## Source material
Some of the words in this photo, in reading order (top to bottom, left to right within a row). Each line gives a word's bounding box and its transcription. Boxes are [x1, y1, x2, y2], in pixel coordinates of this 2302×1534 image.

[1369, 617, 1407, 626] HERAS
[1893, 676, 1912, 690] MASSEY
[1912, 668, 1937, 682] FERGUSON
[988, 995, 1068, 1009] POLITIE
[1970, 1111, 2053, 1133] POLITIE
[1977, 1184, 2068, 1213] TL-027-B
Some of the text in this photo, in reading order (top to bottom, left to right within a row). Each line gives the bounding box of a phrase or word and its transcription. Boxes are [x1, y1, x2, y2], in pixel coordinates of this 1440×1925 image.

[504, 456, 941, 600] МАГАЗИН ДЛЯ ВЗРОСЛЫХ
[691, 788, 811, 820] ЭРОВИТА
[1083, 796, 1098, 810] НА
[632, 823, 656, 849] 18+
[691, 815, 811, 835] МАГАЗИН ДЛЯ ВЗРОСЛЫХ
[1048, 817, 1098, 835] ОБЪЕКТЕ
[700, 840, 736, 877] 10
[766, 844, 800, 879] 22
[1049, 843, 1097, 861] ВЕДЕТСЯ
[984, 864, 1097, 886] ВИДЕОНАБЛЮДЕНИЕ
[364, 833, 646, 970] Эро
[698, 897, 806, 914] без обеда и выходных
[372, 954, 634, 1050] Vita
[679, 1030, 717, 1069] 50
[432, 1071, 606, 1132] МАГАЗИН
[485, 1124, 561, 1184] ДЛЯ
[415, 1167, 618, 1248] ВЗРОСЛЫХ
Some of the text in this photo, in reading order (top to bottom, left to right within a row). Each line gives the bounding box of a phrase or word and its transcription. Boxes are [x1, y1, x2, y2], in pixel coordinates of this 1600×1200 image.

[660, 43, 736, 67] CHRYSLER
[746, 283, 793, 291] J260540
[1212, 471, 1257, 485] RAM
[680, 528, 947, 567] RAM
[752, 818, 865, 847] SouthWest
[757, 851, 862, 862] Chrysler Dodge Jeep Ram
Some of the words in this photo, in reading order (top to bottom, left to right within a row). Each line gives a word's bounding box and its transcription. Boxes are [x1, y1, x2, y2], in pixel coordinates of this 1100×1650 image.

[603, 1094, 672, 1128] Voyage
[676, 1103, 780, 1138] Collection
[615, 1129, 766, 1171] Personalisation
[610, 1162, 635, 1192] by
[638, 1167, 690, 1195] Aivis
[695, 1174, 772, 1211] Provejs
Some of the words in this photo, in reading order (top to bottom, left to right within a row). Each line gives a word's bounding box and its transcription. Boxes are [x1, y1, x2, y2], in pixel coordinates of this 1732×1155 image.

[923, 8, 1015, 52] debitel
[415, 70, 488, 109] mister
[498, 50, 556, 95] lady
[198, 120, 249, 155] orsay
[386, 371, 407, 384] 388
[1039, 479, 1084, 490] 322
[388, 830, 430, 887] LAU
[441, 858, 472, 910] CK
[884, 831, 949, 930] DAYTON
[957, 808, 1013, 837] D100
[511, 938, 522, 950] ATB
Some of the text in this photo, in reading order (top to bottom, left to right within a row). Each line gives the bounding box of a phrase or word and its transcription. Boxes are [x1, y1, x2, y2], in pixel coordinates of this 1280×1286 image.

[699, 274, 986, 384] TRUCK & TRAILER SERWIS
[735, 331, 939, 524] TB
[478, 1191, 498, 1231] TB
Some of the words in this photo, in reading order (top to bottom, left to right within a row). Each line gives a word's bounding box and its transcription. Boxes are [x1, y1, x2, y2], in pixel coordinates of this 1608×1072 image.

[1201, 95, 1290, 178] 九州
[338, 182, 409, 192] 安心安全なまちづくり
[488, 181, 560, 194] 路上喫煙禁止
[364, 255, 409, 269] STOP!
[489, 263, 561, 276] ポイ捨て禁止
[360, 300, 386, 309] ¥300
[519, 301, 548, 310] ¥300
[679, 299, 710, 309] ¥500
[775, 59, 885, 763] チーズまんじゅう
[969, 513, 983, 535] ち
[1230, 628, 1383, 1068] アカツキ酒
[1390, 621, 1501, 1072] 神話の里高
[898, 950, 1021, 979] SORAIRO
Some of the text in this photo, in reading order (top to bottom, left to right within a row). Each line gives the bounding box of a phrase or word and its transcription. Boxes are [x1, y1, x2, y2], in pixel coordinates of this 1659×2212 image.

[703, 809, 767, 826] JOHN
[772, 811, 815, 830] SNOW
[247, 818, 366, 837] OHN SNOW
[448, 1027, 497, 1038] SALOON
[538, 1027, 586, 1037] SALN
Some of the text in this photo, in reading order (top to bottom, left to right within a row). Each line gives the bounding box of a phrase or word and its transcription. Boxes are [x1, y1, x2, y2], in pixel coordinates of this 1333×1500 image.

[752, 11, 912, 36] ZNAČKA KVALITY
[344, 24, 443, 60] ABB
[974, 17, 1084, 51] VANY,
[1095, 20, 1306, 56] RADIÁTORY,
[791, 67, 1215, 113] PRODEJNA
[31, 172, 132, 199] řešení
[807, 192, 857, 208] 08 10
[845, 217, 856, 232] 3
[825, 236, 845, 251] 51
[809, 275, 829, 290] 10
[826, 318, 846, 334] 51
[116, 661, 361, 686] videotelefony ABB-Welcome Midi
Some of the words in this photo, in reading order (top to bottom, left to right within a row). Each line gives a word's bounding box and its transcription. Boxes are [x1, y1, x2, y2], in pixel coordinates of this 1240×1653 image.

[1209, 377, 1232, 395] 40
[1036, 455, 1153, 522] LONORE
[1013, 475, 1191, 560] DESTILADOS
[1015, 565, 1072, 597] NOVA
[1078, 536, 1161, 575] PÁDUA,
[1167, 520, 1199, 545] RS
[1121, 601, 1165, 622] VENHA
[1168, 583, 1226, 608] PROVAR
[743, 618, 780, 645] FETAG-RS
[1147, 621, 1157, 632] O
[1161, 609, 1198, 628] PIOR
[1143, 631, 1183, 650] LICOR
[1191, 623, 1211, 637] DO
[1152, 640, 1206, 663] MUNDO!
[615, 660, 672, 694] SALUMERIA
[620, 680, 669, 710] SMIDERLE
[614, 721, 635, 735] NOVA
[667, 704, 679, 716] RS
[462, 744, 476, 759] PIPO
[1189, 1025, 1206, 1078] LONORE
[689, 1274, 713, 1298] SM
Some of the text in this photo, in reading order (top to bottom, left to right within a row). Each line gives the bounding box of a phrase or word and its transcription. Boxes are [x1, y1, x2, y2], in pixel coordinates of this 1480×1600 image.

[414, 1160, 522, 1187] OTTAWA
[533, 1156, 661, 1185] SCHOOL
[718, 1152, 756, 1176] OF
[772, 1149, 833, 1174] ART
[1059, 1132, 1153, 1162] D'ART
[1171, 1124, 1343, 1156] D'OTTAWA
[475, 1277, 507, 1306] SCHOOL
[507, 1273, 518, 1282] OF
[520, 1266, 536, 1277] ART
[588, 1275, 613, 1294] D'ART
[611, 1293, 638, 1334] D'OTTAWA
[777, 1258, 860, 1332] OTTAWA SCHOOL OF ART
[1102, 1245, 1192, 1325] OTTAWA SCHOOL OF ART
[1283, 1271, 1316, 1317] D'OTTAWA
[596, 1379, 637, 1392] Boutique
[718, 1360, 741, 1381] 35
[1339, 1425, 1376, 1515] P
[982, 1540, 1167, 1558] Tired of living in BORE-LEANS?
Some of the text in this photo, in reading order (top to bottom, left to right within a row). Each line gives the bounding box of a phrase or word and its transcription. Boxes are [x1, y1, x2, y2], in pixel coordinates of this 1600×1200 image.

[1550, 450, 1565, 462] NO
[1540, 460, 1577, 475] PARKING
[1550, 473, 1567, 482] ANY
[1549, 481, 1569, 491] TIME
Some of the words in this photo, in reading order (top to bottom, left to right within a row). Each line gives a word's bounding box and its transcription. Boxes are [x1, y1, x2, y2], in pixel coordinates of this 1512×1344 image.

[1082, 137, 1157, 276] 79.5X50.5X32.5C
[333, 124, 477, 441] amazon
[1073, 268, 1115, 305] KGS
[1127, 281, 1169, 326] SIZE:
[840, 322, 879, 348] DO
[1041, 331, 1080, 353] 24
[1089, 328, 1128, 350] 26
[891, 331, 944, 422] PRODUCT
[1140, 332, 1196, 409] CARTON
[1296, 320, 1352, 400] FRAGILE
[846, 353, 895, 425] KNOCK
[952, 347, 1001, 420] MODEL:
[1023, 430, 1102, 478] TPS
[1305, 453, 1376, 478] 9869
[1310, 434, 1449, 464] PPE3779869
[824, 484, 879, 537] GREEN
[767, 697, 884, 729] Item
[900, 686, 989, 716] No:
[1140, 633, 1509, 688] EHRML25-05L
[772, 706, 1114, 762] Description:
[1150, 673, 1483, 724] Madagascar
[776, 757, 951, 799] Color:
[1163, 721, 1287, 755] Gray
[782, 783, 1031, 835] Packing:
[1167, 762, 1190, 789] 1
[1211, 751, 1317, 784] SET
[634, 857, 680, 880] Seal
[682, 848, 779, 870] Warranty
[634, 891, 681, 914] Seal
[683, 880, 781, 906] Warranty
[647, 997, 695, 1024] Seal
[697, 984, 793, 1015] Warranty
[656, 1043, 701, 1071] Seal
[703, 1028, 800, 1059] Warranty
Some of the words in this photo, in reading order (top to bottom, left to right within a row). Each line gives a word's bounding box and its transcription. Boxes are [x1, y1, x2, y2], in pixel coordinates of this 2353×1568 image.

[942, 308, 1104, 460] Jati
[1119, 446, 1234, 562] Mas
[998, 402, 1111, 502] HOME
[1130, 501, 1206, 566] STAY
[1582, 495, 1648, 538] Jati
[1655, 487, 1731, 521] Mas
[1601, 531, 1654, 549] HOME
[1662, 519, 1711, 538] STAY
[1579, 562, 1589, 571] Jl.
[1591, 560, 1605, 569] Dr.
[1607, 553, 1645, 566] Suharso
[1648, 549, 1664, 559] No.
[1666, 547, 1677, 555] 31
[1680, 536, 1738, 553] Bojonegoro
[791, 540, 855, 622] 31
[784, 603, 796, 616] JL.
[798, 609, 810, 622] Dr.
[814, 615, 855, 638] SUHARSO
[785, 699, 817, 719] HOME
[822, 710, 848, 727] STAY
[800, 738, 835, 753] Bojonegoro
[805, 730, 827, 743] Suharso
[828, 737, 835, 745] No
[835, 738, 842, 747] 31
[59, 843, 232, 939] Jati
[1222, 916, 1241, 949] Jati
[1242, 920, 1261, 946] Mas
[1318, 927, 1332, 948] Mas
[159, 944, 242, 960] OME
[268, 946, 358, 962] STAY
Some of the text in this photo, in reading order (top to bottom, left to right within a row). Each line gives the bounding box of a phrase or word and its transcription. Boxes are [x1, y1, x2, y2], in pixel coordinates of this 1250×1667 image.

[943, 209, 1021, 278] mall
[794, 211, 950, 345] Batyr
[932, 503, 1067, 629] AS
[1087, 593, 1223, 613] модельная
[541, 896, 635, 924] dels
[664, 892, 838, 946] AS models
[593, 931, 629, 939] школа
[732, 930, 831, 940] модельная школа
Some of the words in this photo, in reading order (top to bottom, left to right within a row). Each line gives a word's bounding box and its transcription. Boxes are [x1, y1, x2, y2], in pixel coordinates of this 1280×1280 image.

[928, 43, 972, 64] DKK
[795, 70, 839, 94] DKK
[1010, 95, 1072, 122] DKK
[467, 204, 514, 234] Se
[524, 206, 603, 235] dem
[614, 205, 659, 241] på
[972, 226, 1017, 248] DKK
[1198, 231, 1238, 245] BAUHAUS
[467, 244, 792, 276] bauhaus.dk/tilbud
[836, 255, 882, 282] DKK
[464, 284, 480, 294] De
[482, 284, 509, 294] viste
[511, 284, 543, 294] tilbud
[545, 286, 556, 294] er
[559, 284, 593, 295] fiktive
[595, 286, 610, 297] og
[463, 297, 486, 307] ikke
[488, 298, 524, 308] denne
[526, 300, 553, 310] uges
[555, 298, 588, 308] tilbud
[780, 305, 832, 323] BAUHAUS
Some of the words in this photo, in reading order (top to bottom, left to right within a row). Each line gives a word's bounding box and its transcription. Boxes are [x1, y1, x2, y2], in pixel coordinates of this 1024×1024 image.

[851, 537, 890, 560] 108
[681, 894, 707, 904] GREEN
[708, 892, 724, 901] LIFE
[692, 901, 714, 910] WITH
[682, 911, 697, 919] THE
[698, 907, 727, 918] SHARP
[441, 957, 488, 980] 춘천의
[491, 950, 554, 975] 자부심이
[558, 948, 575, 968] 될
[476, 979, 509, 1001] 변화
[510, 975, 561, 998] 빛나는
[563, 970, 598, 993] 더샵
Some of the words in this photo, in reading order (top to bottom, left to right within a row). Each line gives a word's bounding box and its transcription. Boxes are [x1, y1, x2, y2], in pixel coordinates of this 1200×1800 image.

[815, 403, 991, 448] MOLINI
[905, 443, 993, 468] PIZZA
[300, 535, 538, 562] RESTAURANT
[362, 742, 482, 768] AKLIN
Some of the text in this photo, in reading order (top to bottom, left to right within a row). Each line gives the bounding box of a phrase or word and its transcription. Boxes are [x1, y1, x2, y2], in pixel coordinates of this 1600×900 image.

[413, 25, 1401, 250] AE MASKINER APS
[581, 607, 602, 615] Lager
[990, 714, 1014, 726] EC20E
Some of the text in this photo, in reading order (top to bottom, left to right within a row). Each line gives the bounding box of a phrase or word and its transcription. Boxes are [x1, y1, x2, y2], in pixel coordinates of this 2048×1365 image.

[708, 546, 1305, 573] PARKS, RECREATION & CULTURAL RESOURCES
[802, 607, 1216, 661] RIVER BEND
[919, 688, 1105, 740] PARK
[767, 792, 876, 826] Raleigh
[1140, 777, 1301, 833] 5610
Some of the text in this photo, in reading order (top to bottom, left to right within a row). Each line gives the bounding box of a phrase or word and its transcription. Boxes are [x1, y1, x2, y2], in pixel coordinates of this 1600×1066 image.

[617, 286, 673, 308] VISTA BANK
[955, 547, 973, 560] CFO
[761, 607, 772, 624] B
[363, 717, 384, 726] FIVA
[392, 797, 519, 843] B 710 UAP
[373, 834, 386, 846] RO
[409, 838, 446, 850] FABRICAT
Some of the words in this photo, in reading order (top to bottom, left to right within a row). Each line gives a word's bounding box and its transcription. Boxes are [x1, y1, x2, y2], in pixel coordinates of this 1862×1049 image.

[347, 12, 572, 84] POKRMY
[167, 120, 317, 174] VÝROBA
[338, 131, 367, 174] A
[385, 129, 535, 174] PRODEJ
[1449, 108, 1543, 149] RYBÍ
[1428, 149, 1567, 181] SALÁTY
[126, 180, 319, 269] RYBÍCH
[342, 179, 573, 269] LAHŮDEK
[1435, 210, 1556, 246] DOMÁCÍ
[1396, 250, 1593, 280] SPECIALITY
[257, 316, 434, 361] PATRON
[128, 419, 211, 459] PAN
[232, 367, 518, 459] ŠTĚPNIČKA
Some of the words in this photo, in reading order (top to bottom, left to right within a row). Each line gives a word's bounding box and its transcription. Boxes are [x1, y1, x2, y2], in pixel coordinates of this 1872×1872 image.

## Task to carry out
Write out, word for word, the lines from the one containing "this 2048×1365 image." through the end of the records, with no other lines.

## The completed task
Some of the text in this photo, in reading order (top to bottom, left to right within a row). Each line gives the bounding box of a phrase or word and its transcription. Boxes are [x1, y1, x2, y2], in pixel coordinates of this 2048×1365 image.

[708, 546, 1305, 573] PARKS, RECREATION & CULTURAL RESOURCES
[802, 607, 1216, 661] RIVER BEND
[919, 688, 1105, 740] PARK
[767, 792, 876, 826] Raleigh
[1140, 777, 1301, 833] 5610
Some of the text in this photo, in reading order (top to bottom, left to right within a row). Each line gives the bounding box of a phrase or word and its transcription. Boxes are [x1, y1, x2, y2], in pixel coordinates of this 1600×1066 image.

[617, 286, 673, 308] VISTA BANK
[955, 547, 973, 560] CFO
[761, 607, 772, 624] B
[363, 717, 384, 726] FIVA
[392, 797, 519, 843] B 710 UAP
[373, 834, 386, 846] RO
[409, 838, 446, 850] FABRICAT
Some of the words in this photo, in reading order (top to bottom, left to right within a row). Each line gives a word's bounding box and its transcription. Boxes are [x1, y1, x2, y2], in pixel coordinates of this 1862×1049 image.

[347, 12, 572, 84] POKRMY
[167, 120, 317, 174] VÝROBA
[338, 131, 367, 174] A
[385, 129, 535, 174] PRODEJ
[1449, 108, 1543, 149] RYBÍ
[1428, 149, 1567, 181] SALÁTY
[126, 180, 319, 269] RYBÍCH
[342, 179, 573, 269] LAHŮDEK
[1435, 210, 1556, 246] DOMÁCÍ
[1396, 250, 1593, 280] SPECIALITY
[257, 316, 434, 361] PATRON
[128, 419, 211, 459] PAN
[232, 367, 518, 459] ŠTĚPNIČKA
Some of the words in this photo, in reading order (top to bottom, left to right within a row). Each line gives a word's bounding box and its transcription. Boxes are [x1, y1, x2, y2], in pixel coordinates of this 1872×1872 image.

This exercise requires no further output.